Note: EPA no longer updates this information, but it may be useful as a reference or resource.

Project Profile

BMW Manufacturing Landfill Gas Energy Projects

LMOP Award Winner
Greer, South Carolina
End User(s):
BMW Manufacturing Co., LLC
Auto manufacturing
Palmetto Landfill
Landfill Size:
19.3 million tons waste-in-place (2007)
Project Type:
Combined Heat and Power (cogeneration - 2 gas turbines) and Direct Thermal (23 paint shop oven burners and indirect heating of paint shop)
Project Size:
11 megawatts (MW) and 800 standard cubic feet per minute (scfm)
$1 million/year
Environmental Benefits:
Carbon sequestered annually by 13,800 acres of pine or fir forests, annual greenhouse gas emissions from 12,300 passenger vehicles, or carbon dioxide emissions from 150,200 barrels of oil consumed. Annual energy savings equate to powering 6,500 homes and heating 2,700 homes.

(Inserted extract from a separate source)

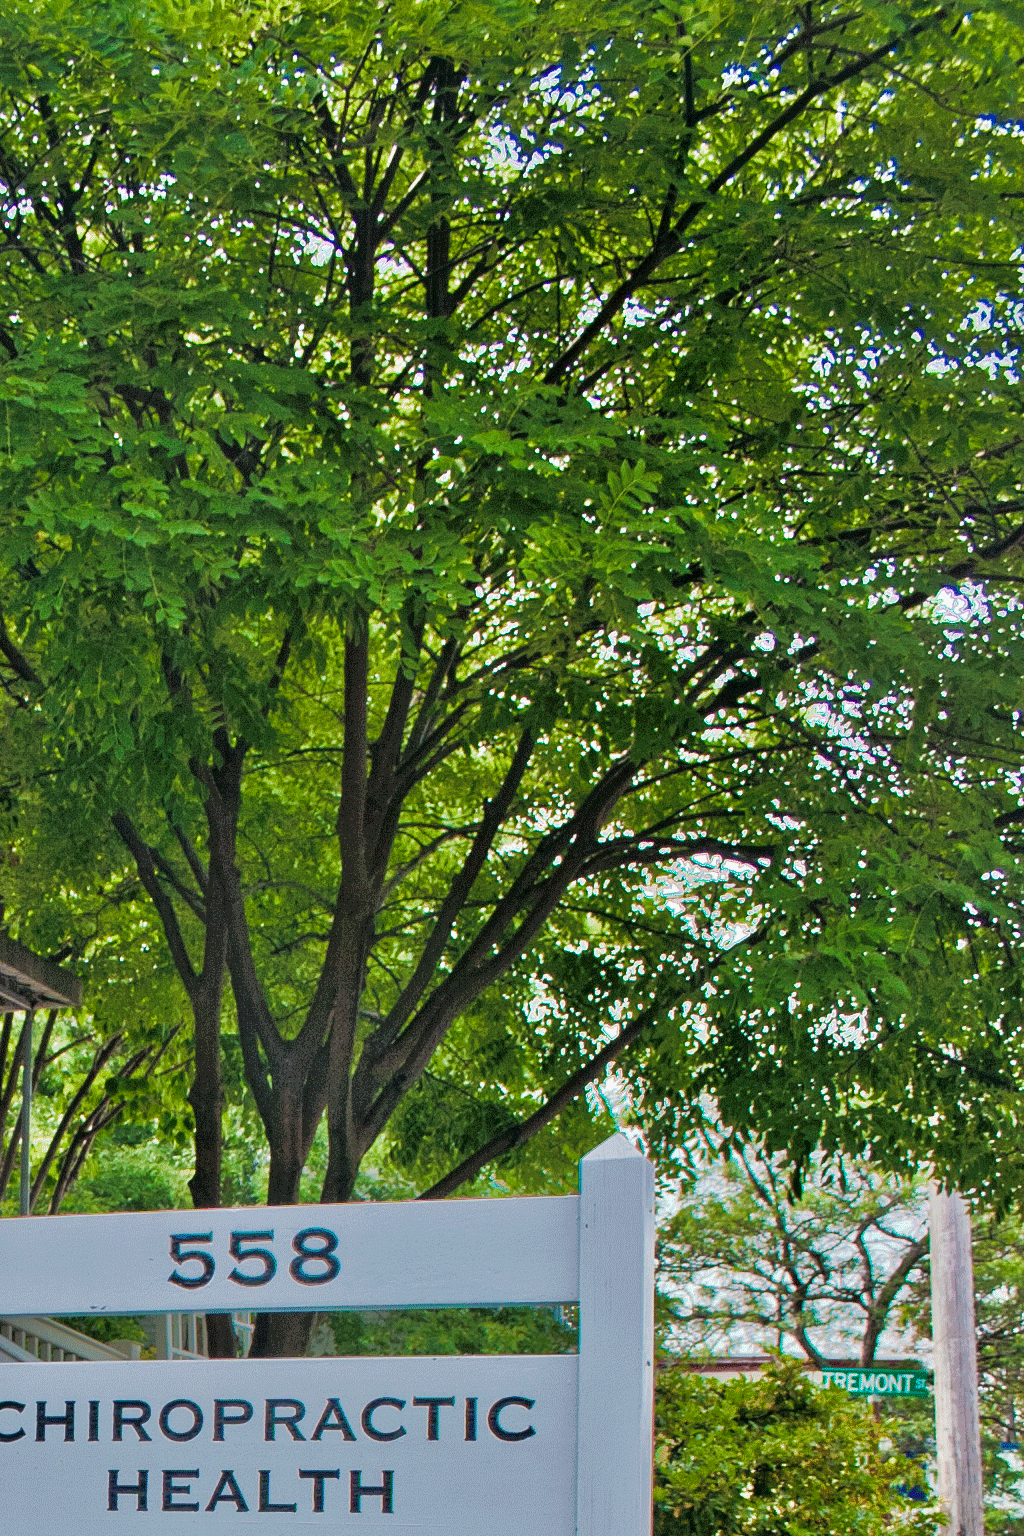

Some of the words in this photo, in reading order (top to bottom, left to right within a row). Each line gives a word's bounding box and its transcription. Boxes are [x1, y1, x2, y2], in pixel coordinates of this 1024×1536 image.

Estimated emissions reductions of 0.0176 million metric tons of carbon equivalents.
LMOP Partners Involved:
Ameresco, BMW Manufacturing Co., LLC, Durr Systems, Inc., South Carolina Energy Office, Waste Management, Inc.
Last Updated:

How many people would imagine that landfill gas (LFG) had a hand in the creation of the BMW Roadster? At its South Carolina assembly plant, BMW began using gas from Waste Management's Palmetto Landfill in 2003 to fuel four gas turbine cogeneration units (4.4 MW capacity) and recover 72 MMBtu/hr of hot water. The turbines fulfilled about 25 percent of the plant's electrical needs and nearly all of its thermal needs. For these outstanding "green" efforts, BMW was awarded LMOP's 2003 Project of the Year.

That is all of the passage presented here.